Any picture among the records should be left out, please; retype the rest exactly.

• _Annotated photo localization data_
BEGIN
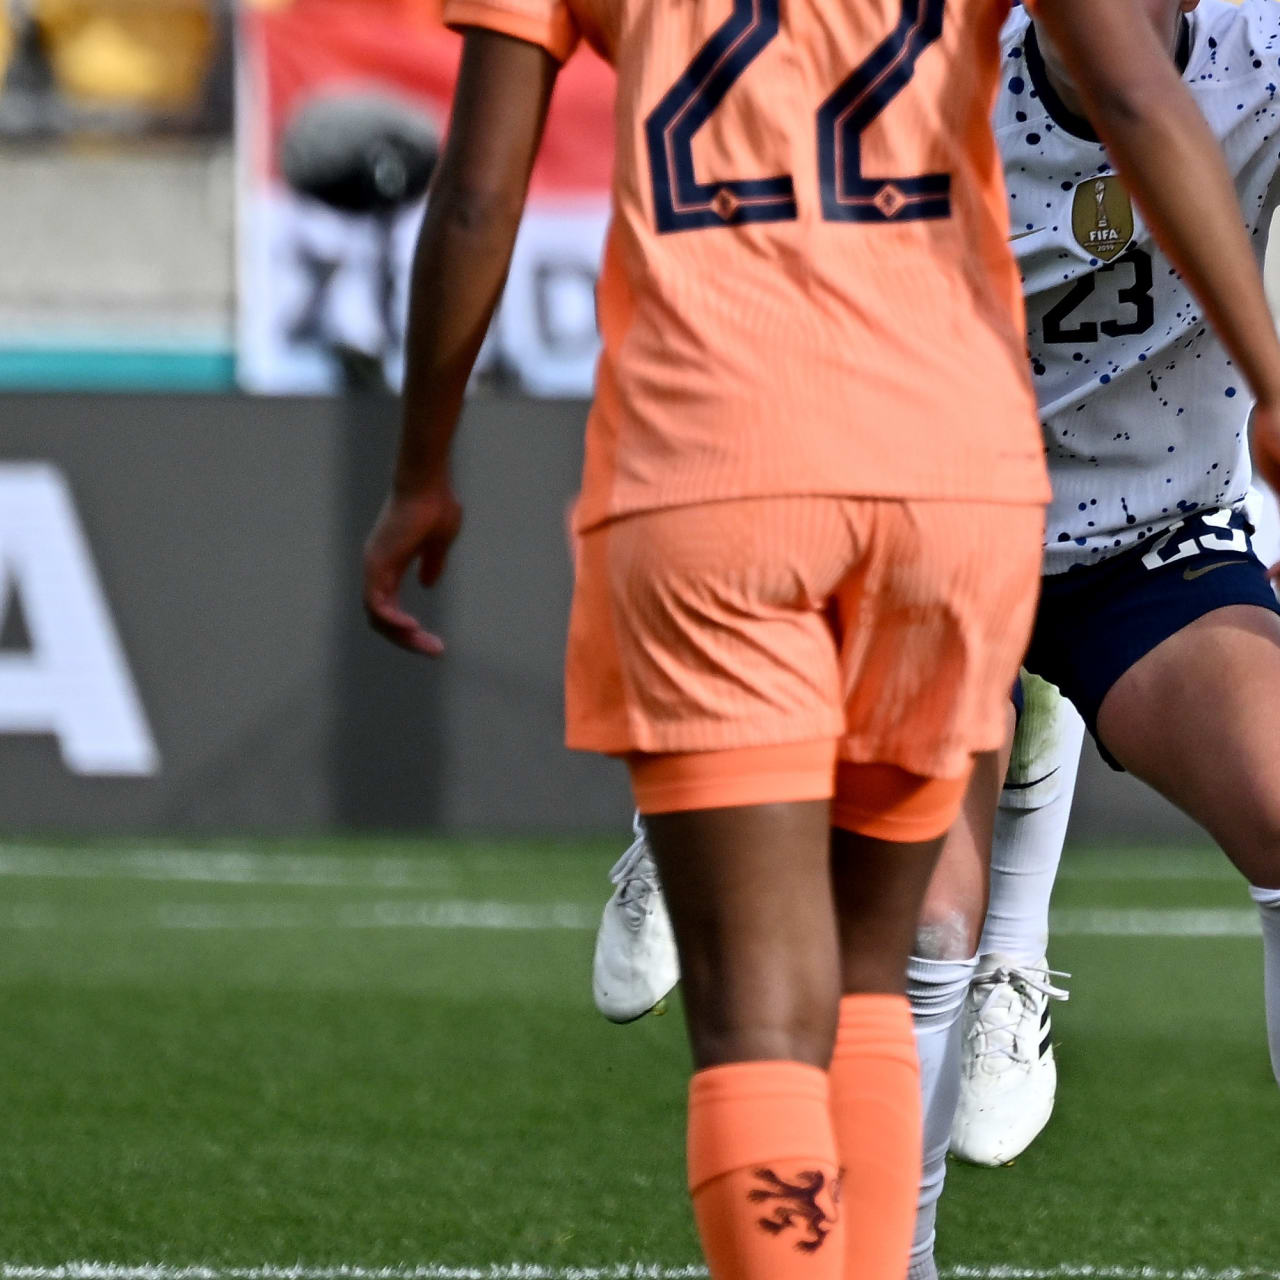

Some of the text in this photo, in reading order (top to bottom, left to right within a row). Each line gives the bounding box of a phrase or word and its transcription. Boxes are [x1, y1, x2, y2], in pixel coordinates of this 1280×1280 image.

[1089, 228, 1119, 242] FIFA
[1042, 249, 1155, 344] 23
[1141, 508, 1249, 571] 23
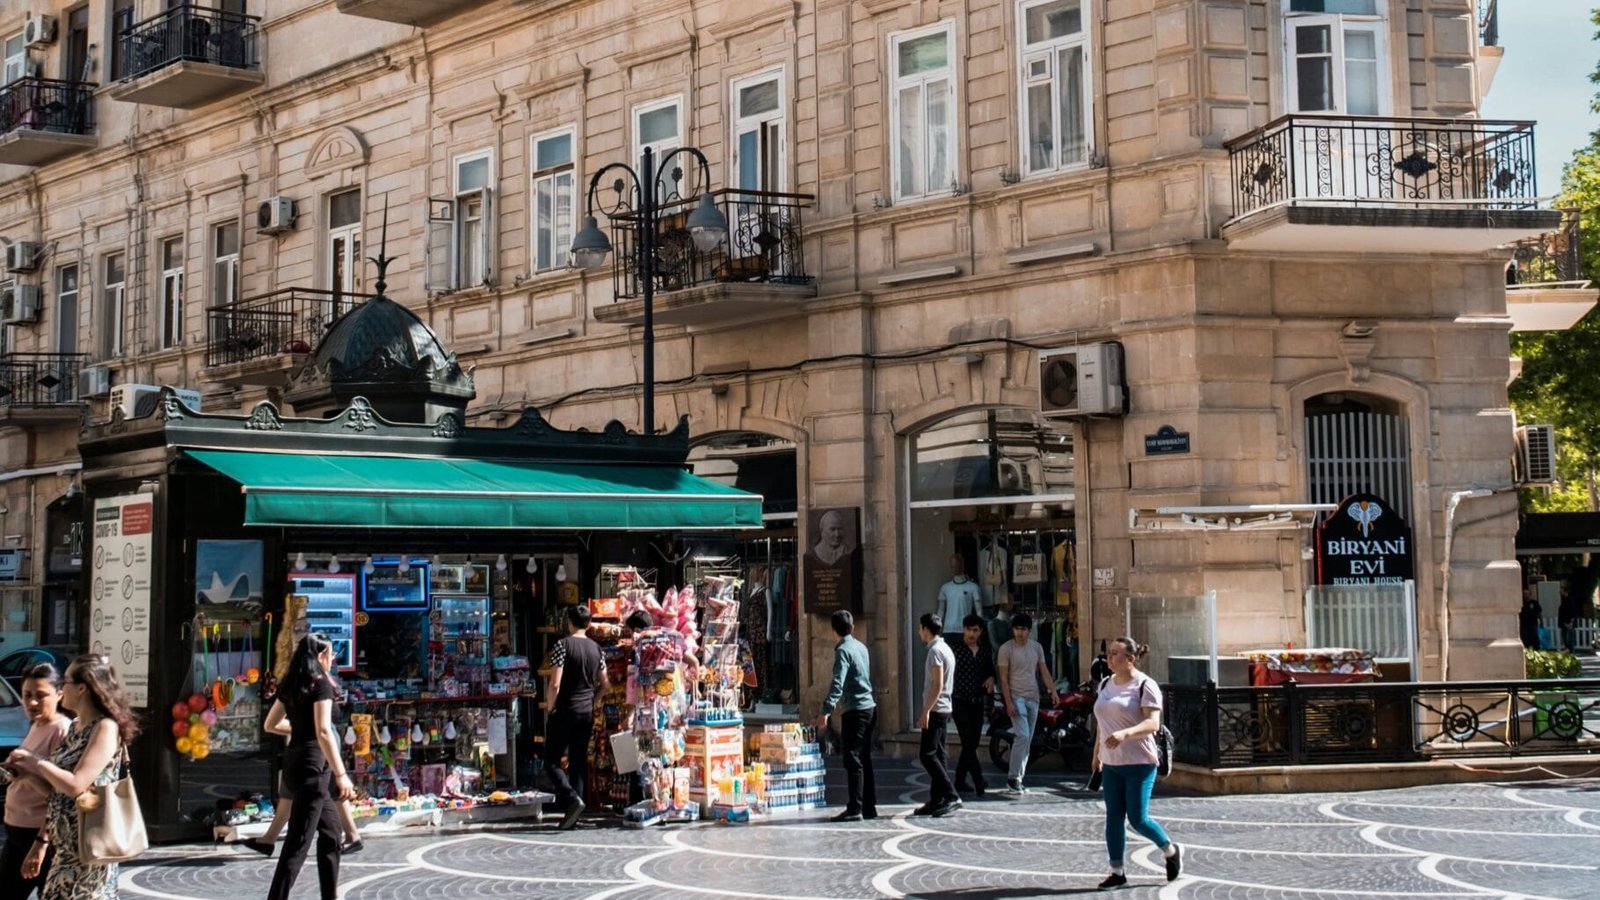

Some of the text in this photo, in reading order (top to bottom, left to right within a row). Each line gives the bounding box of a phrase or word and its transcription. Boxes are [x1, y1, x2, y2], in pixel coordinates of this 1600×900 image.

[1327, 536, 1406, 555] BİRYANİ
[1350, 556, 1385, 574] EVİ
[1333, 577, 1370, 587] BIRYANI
END
• _ANSWER TO THE EXERCISE_
Some of the text in this photo, in reading order (top to bottom, left to right within a row). Each line gives the bounding box of a phrase or word and its transcription. Boxes are [x1, y1, x2, y2], in pixel coordinates of this 1280×1280 image.

[1089, 228, 1119, 242] FIFA
[1042, 249, 1155, 344] 23
[1141, 508, 1249, 571] 23

Some of the text in this photo, in reading order (top to bottom, left to right within a row). Each line gives the bounding box of a phrase or word and its transcription. Boxes are [x1, y1, x2, y2], in pixel coordinates of this 1600×900 image.

[1327, 536, 1406, 555] BİRYANİ
[1350, 556, 1385, 574] EVİ
[1333, 577, 1370, 587] BIRYANI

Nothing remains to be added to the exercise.